Jeffrey: "Probably bad but I am not well acquainted with it. The stuff where they talk about hos and whores and violence, it is not only a reflection but an encouragement to a culture of violence."

Luke: "How would you gauge the internet's affect on political and philosophical discourse?"

Jeffrey: "Up to a certain extent, excellent, but it can be time-consuming if you get trapped by it.

"I've got to get going towards a lunch date."

Bush Policies Deformed By Christian Extremism

Jeffrey Hart writes:

During the 2004 presidential election perhaps the most scandalous of these arose as an issue in the campaign, stem-cell research. In August 2001, Bush issued an executive order banning federal funding for such research involving fertilized cells created after 2001. This severely inhibited research which had indeed proved promising. Bush claimed to have issued his order for "moral reasons," but all the moral reasons seem to support the research.

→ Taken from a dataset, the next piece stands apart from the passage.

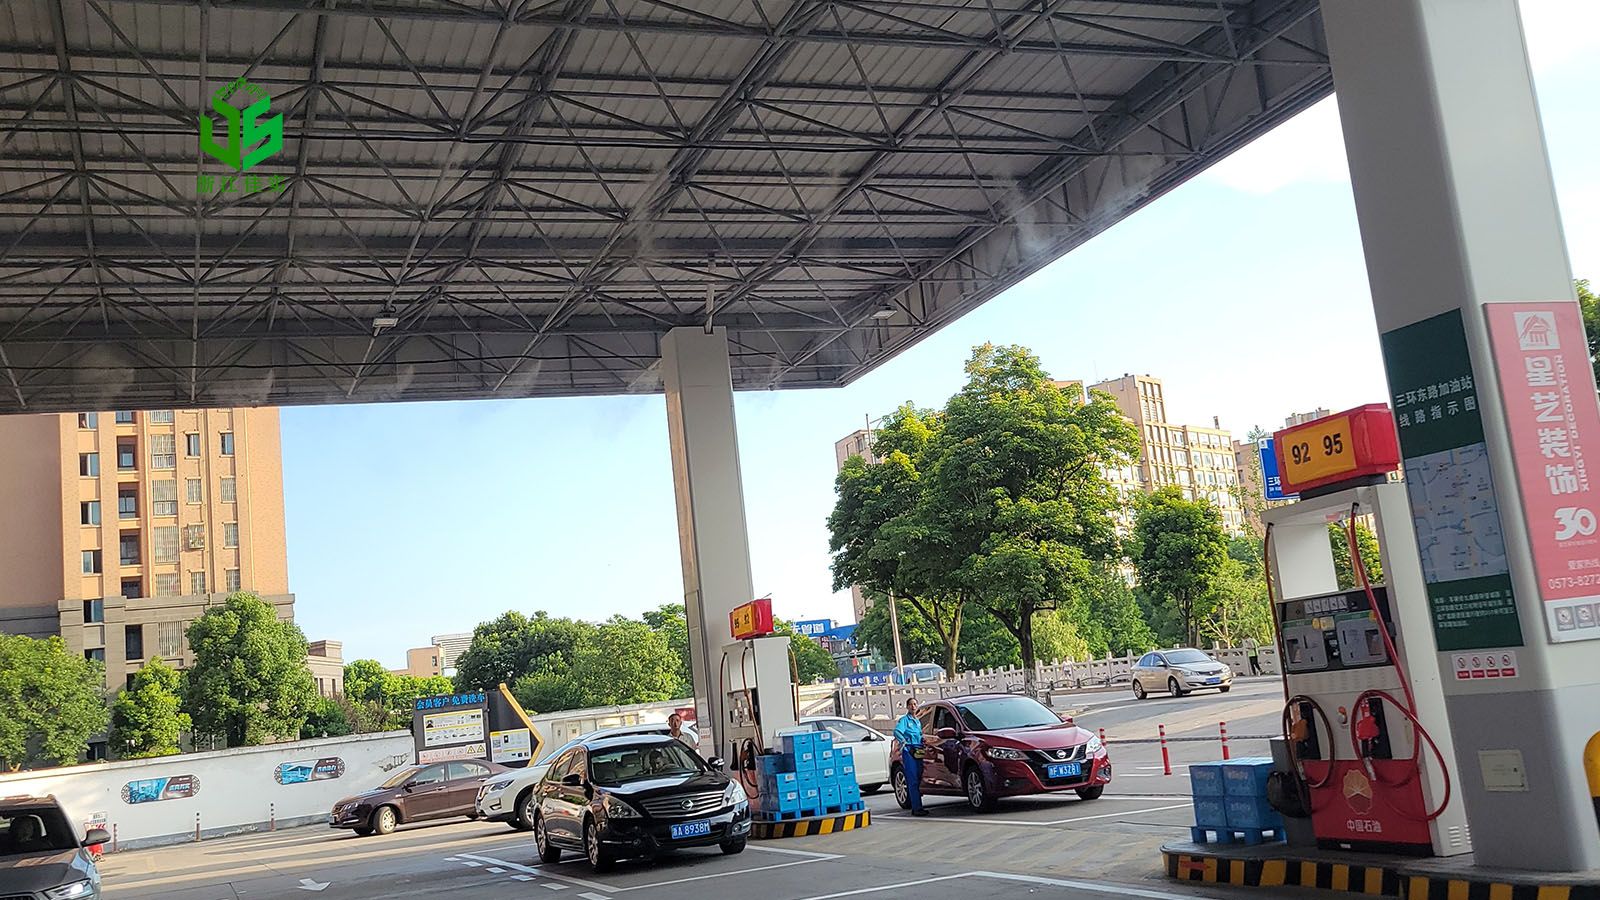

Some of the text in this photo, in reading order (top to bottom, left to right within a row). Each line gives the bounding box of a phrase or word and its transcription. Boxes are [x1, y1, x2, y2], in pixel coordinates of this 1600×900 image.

The fertilized cells in question are left over and frozen in fertility clinics, in fact doubly doomed because frozen and with a finite shelf-life, and also because a fertilized cell will not develop unless implanted in a woman. Instead of wasting them, why not use them to, it seems possible, treat an entire array of dreadful diseases? One opponent of the research put the objection crisply: such cells "must not be destroyed no matter how noble the cause." It seemed clear that Bush's objection to the research was driven by his Evangelical base, indefensible as his position was.

Other Bush-inspired policies with severe implications for public health began to form a list as long as your arm. In fact, despite their potentiality for real harm, they possess a comical sort of zaniness. As reported in The Washington Post, they include:

* Information about safe sex was removed from the Centers for Disease Control Web site.

* The scandal that the FDA's Center for Drug Evaluation and Research prohibited over-the-counter sale of a "morning after" contraceptive as encouraging promiscuity and thus spreading disease -- clearly outside the mandate of the FDA. The New England Journal of Medicine described this as a political decision, which of course it was.

* The fact that the Bush administration has devoted millions to faith-based organizations promoting abstinence, but in doing so telling flagrant lies: that condoms fail to prevent HIV 31 percent of the time during heterosexual intercourse (3 percent is accurate); that abortion leads to sterility (elective abortion does not); that touching a person's genitals can cause pregnancy; that HIV can be spread through sweat and tears; that a 43-day-old fetus is a "thinking person"; and that half of gay teenagers have AIDS. Some grants for faith-based programs stipulate that condoms be discussed only in connection with their failure.

You would think that such Halloween science would be impossible in federally funded programs. Isn't bearing false witness prohibited by the Ten Commandments? But, as we see, Evangelicals make up their own scripture. And this is the Bush administration.

* Then there was that book the federal bookstore at the Grand Canyon was obliged to carry, maintaining that the Grand Canyon was caused by Noah's Flood. Geology shows that the canyon took millions of years to form by erosion. No problem. Geology is wrong.

The saints, they are marchin' in. H.L. Mencken, where are you when we need you? But some of that represents the comic side of the Bush administration. No one should be laughing about its stem-cell policy. Welcome to Evangelical Land. Today, it's us.

The Making Of The American Conservative Mind: National Review and Its Times

George Will writes in The NYT Book Review:

For more than three decades, [Jeffrey Peter] Hart, an emeritus professor of English at Dartmouth, has been a senior editor of National Review. There he has seen, and helped to referee, conservatism's struggles of self-definition. His book is a gossipy memoir leavened by a quick skimming of 50 years of political history. "I confess," he says, "to a fondness for gossip, which, indeed, is a conservative genre. Gossips do not want to change the world; they want to enjoy it."